__HOW TO COMPLETE THIS TASK__: Extract every entry word for word. Skip the pictures.

__EXERCISE DATA__:

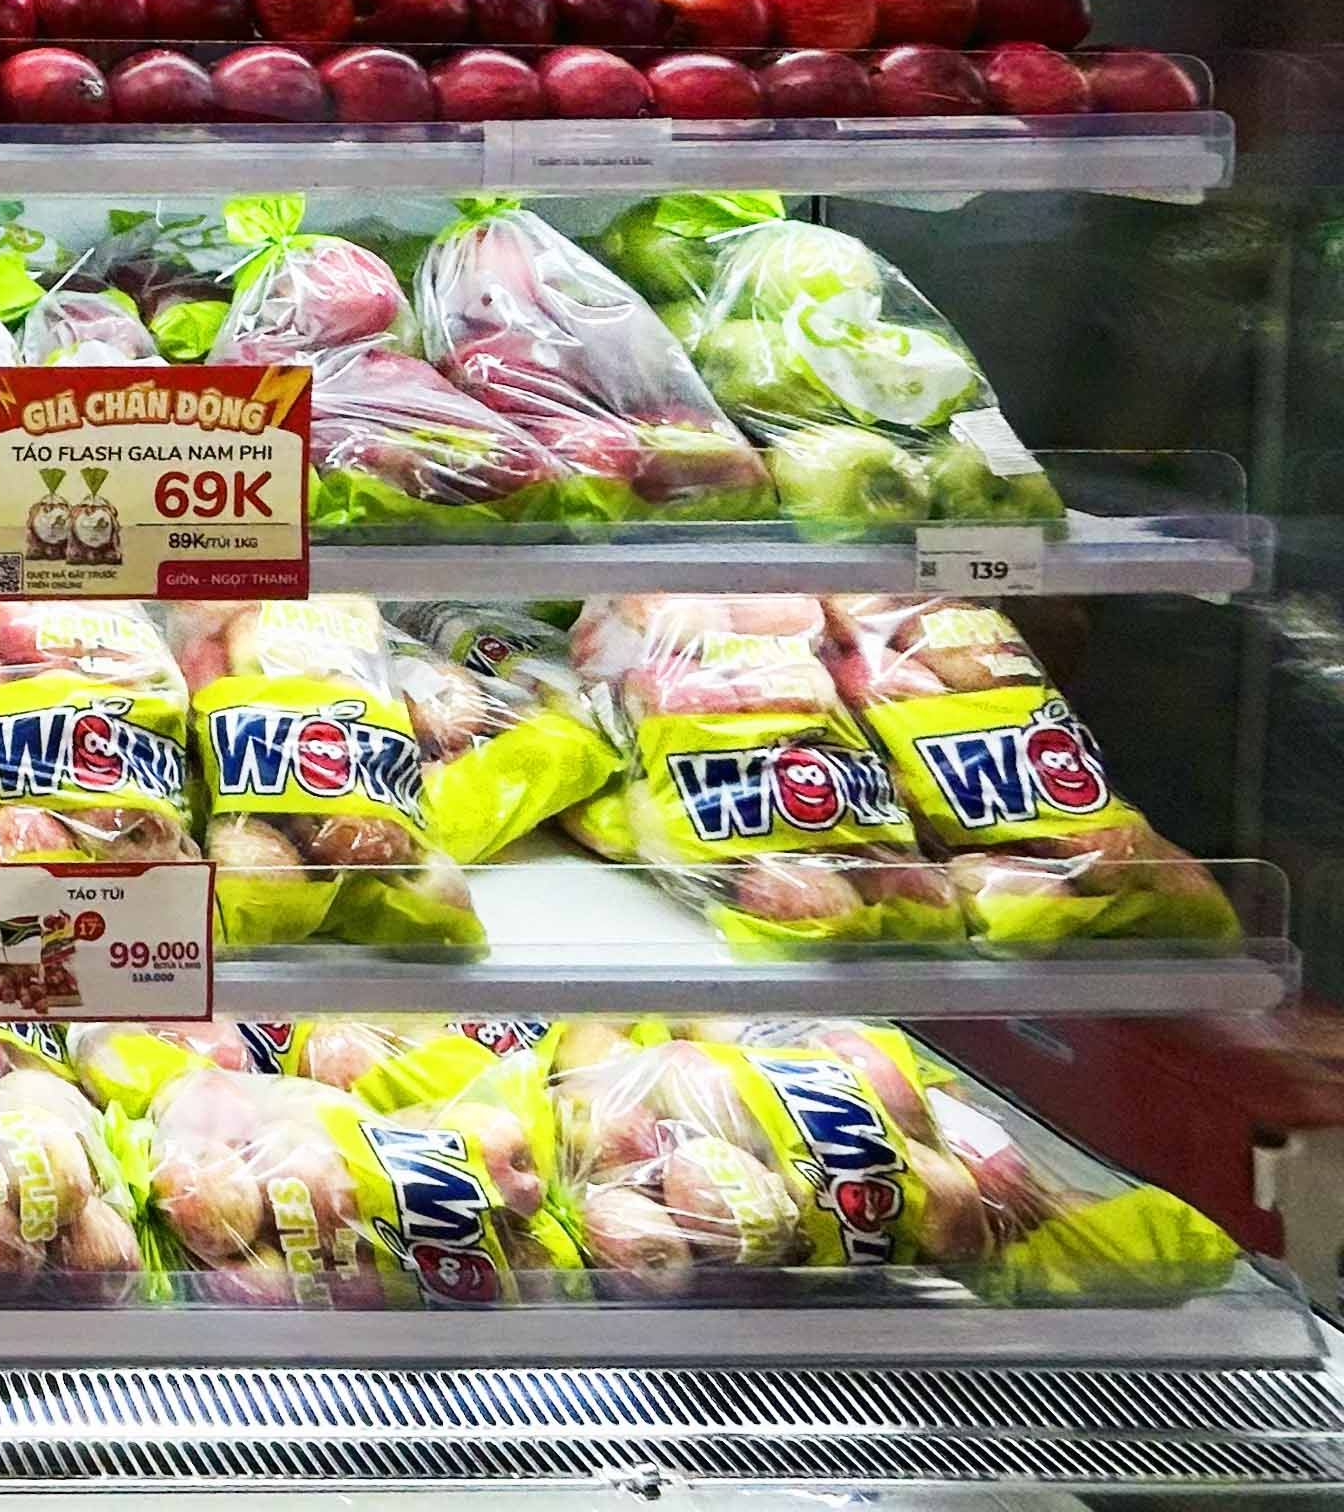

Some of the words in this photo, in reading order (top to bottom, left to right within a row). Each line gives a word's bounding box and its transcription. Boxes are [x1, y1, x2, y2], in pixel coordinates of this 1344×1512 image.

[22, 387, 81, 434] GIÁ
[85, 378, 169, 426] CHẤN
[176, 386, 270, 434] ĐỘNG
[12, 442, 53, 462] TÁO
[58, 445, 122, 462] FLASH
[128, 445, 183, 462] GALA
[188, 445, 233, 461] NAM
[239, 444, 273, 460] PHI
[153, 469, 273, 519] 69K
[234, 538, 259, 549] 1KG
[166, 570, 200, 586] GIÒN
[210, 571, 250, 587] NGỌT
[252, 572, 298, 586] THANH
[969, 561, 1009, 580] 139
[912, 721, 1110, 831] WO
[67, 886, 97, 900] TÁO
[102, 886, 125, 900] TÚI
[78, 922, 98, 936] 17
[110, 941, 200, 969] 99.000

__ANSWER FOR THIS EXERCISE__:
Some of the words in this photo, in reading order (top to bottom, left to right within a row). Each line gives a word's bounding box and its transcription. Boxes are [x1, y1, x2, y2], in pixel coordinates of this 1344×1512 image.

[22, 387, 81, 434] GIÁ
[85, 378, 169, 426] CHẤN
[176, 386, 270, 434] ĐỘNG
[12, 442, 53, 462] TÁO
[58, 445, 122, 462] FLASH
[128, 445, 183, 462] GALA
[188, 445, 233, 461] NAM
[239, 444, 273, 460] PHI
[153, 469, 273, 519] 69K
[234, 538, 259, 549] 1KG
[166, 570, 200, 586] GIÒN
[210, 571, 250, 587] NGỌT
[252, 572, 298, 586] THANH
[969, 561, 1009, 580] 139
[912, 721, 1110, 831] WO
[67, 886, 97, 900] TÁO
[102, 886, 125, 900] TÚI
[78, 922, 98, 936] 17
[110, 941, 200, 969] 99.000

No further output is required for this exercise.